The main mammalian processes involving iodine are related to the thyroid, and so the authors next tested whether thyroid function was required for the iodide benefit during reperfusion. The thyroid function of mice was restricted through a low iodine diet containing an additional chemical inhibitor of thyroid function. After three months of suppression of thyroid function, mice no longer saw benefits after reperfusion, arguing that normal thyroid function is needed for this effect of iodide.
Iodine is a halogen, and so the authors tested for potential protective effects of additional halogens in MIR model. While confounding factors prevented the authors from testing the effects of chlorine and astatine, reduced bromine (bromide) reduced infarct size after reperfusion, though to a lesser extent than iodide.

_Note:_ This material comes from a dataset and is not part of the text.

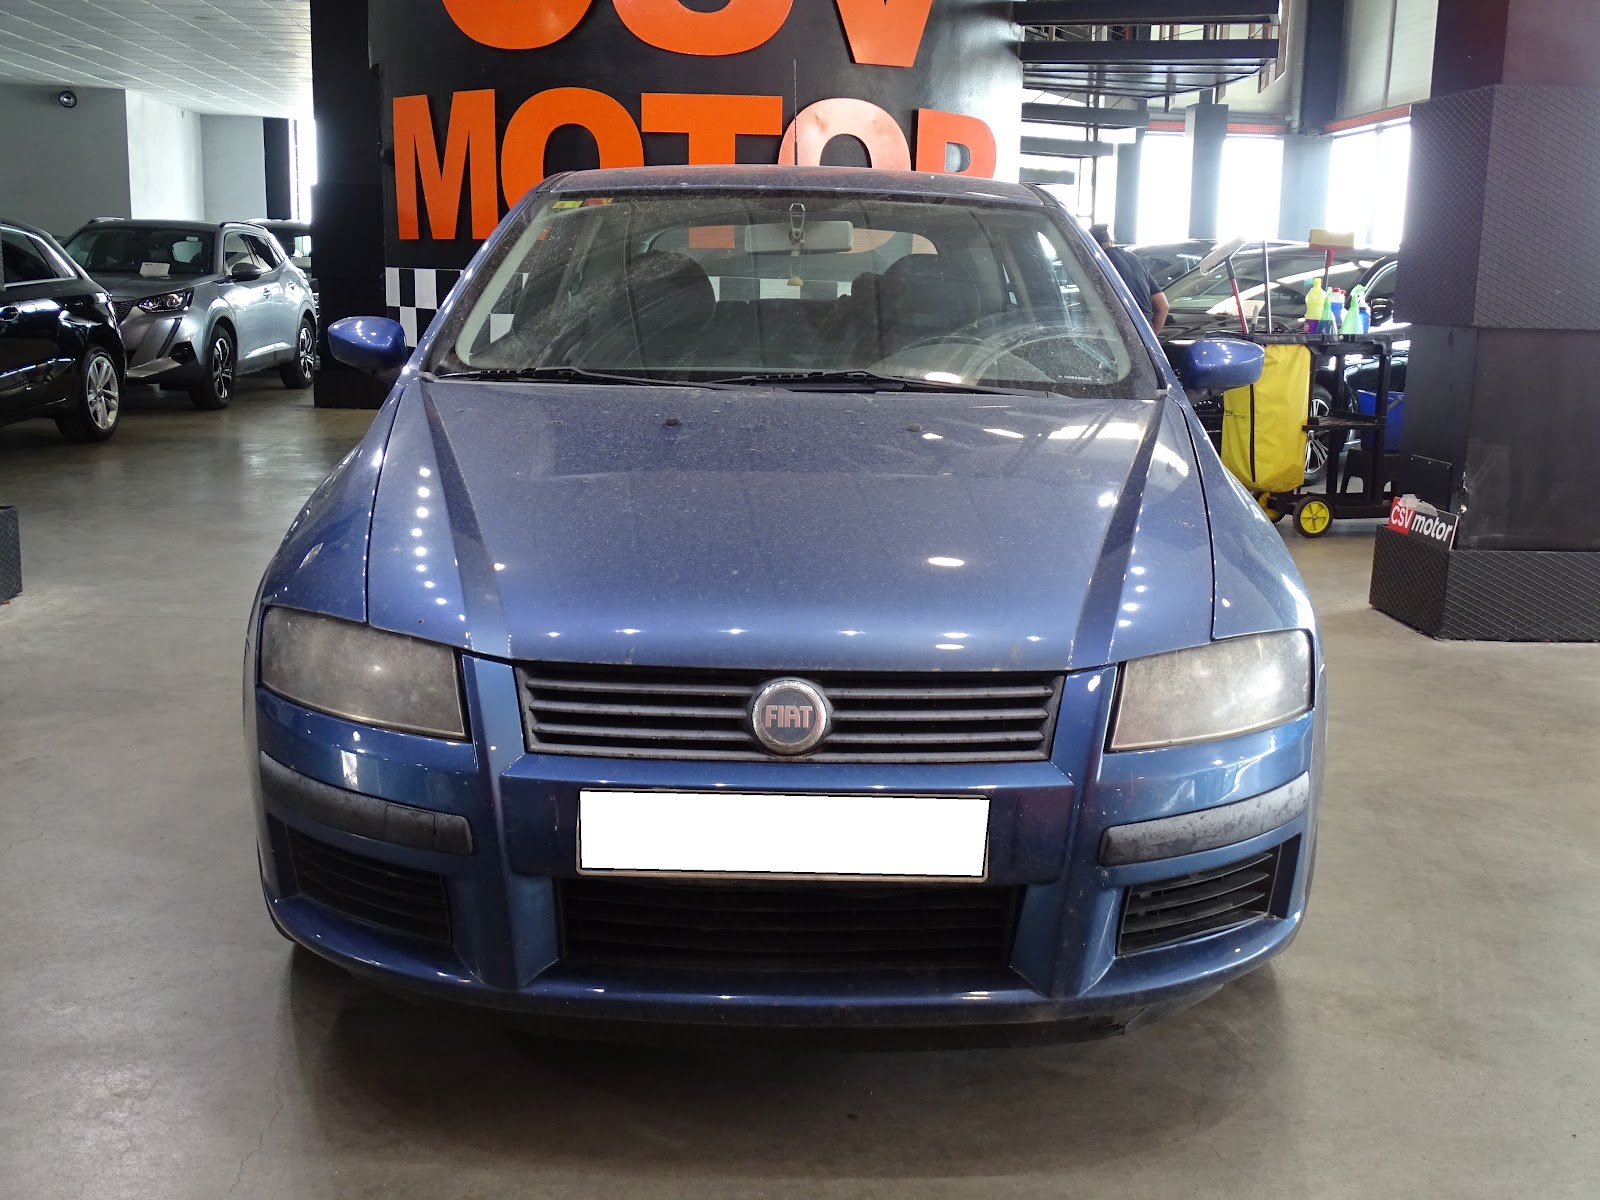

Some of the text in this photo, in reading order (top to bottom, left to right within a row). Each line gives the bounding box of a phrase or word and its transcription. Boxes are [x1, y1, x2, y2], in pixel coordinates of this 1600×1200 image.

The efficacy of iodide and its oral bioavailability in the MIR model of reperfusion, as well as its established safety, suggest that it is a promising therapeutic agent for the mitigation of reperfusion injury in humans. However, the mechanism(s) by which iodide confers benefit during reperfusion is not clear. The requirement for normal thyroid function for the protective effect of iodide suggests that thyroid hormones or metabolites might be involved. Indeed, the amount of iodide administered in this study has previously been shown to reduce thyroid hormone synthesis and secretion in what is known as the Wolff-Chaikoff effect. As thyroid hormone stimulates metabolism, the suppression of its synthesis and secretion may decrease cardiac metabolism, leading to decreased heart damage during reperfusion. The decreased effect of bromide in preventing reperfusion injury is consistent with this: bromide levels are low in the thyroid and would thus be unable to substantially reduce thyroid function. Overall, this study highlights as a potentially safe and powerful agent for the prevention of reperfusion injury and indicates the value of future studies in this area.
Iwata A, Morrison ML, Roth MB. 2014. Iodide Protects Heart Tissue from Reperfusion Injury. PLOS ONE 9(11): e112458.